Welcome to the board!

Have you ever tried a bag of baby frozen peas? They seem to fit nicely on small necks.

Sorry you had to go through this! Did you have a goiter or cancer?

Thyroxine Dump (thyrotoxicosis) is a dumping of the build up of thyroxine which most hyperthyroid patiens have. Were you hyperthyroid? It makes you shake, itch and sometimes paranoid. Arrhythmia of the heart etc..


----------



## Pat4 (Jul 12, 2011)

Thanks for responding. I'll try the peas.
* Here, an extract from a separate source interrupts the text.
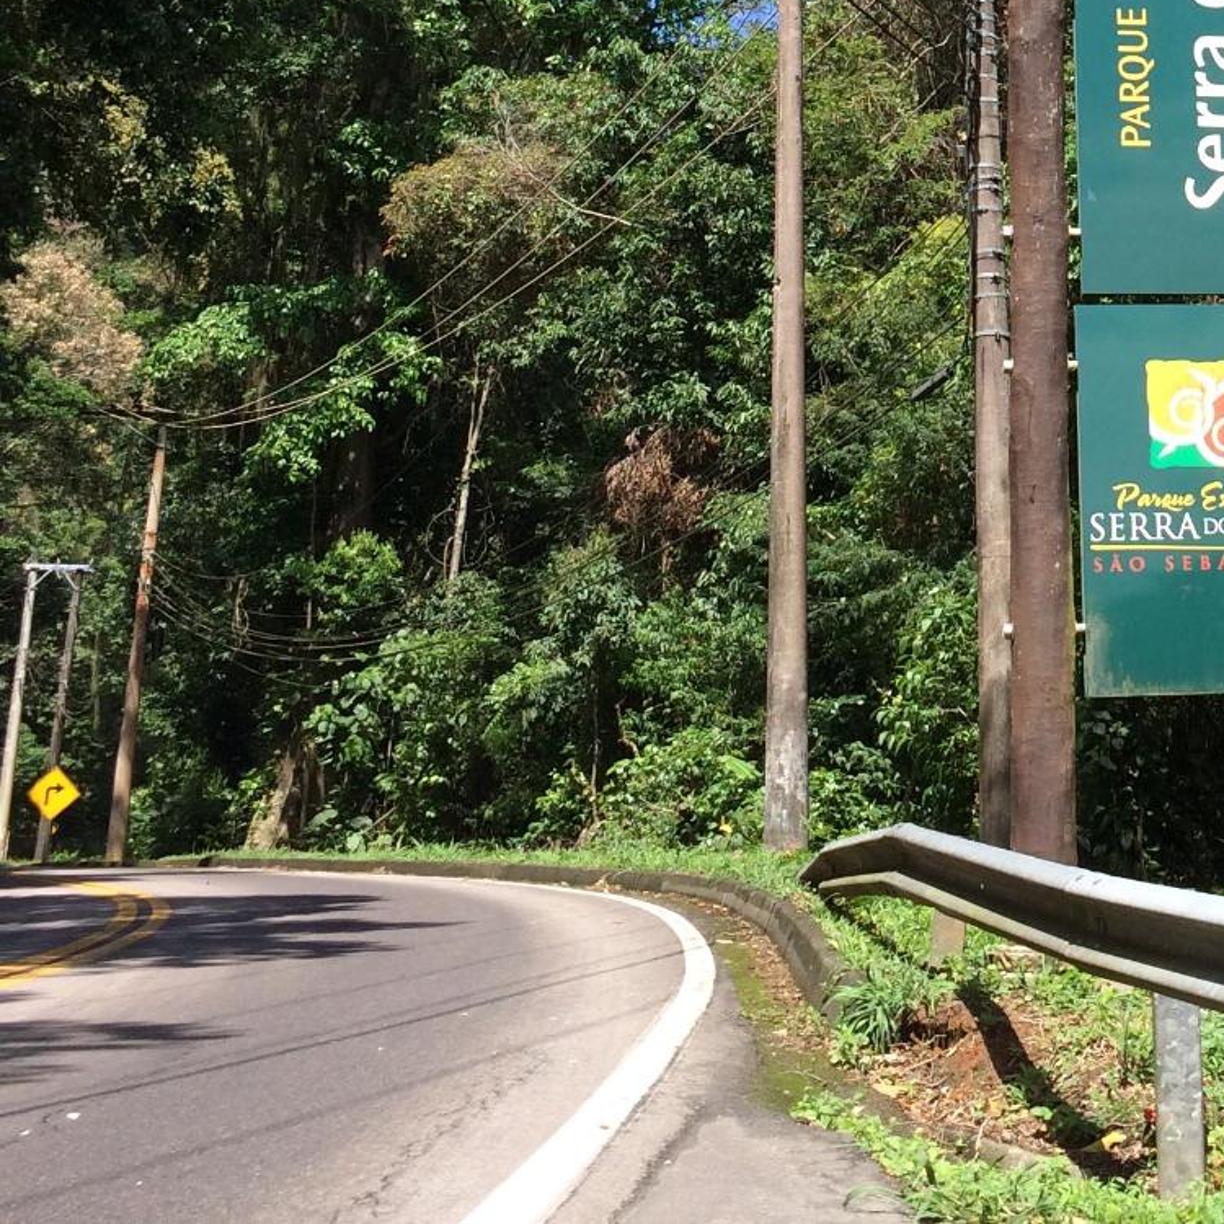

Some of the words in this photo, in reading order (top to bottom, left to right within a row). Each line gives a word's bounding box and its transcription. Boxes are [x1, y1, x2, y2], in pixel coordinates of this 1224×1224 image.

I had an enlarged thyroid and several nodules. they did the scan and FNA and it came back suspicious. So I did the TT - luckily it was NOT cancer.
Now I am in the common predicament it seems of having no thyroid and not familiar with knowing about the different medications.
My last TSA was 4.49 (range 0.47-5.5) and TPO was 329 and they said this was Hashimoto. I am 48yo so I had "things" going on I just thought were menapause or getting older - now I wonder if any of these were due to the thyroid issue. I felt the thyroid after they told me it was enlarged but had not given much thought before they told me. I rarely sleep thru the night, and sometimes am up for hours,have trouble losing weight but again just thought it's because I am getting older.

I don't know if others have had any of these experiences. I am wondering what to expect post tt now.
Thanks


----------



## Andros (Aug 26, 2009)

Pat4 said:


> Thanks for responding. I'll try the peas.
> 
> I had an enlarged thyroid and several nodules. they did the scan and FNA and it came back suspicious. So I did the TT - luckily it was NOT cancer.
> Now I am in the common predicament it seems of having no thyroid and not familiar with knowing about the different medications.
> ...


At this point, there should not be a delay getting you on thyroxine replacement. It is important to suppress that TSH if one wants to get the antibodies under control.

If I were you, I would call the doctor soon and make an appt..


----------



## Pat4 (Jul 12, 2011)

Thank you again.

The day after surgery I started 88 mcg levothyroxine day and tums.
I see the surgeon tomorrow and the endocrinologist Aug 31.
Does this sound like a reasonable medication at this point?

What blood work would you recommend before I see the Endo?

What kind of supplements would you recommend?
Thanks so much for your experience and help.


----------



## Andros (Aug 26, 2009)

Pat4 said:


> Thank you again.
> 
> The day after surgery I started 88 mcg levothyroxine day and tums.
> I see the surgeon tomorrow and the endocrinologist Aug 31.
> ...


Oh, yes..................that is excellent! When you see the endo, you would want your TSH, FREE T3 and FREE T4 tests. Very important to make sure they are the FREES!

Here is info.

understanding thyroid labs
http://www.amarillomed.com/howto/#Thyroid

http://pro2services.com/Lectures/Spring/Thyroid/ThyTests.htm

Free T3 etc. 
http://www.thyroid-info.com/articles/freet3woliner.htm

If you had to chose only a few; definitely Omega III (like 3 G a day) and to balance that, about 1 G of Omega VI. I like Black Currant Seed Oil as it has one extra enzyme that other 6's don't. (did a lot of research; lol!)

Definitely a good timed release B-complex and CoQ10.

We can discuss this further if you think you have a particular deficiency.

And how is your ferritin?

Ferritin (should be 50 to 100; the closer to 100,the better) http://www.thewayup.com/newsletters/081504.htm

Thank you for your very kind comment. It is a total pleasure!


----------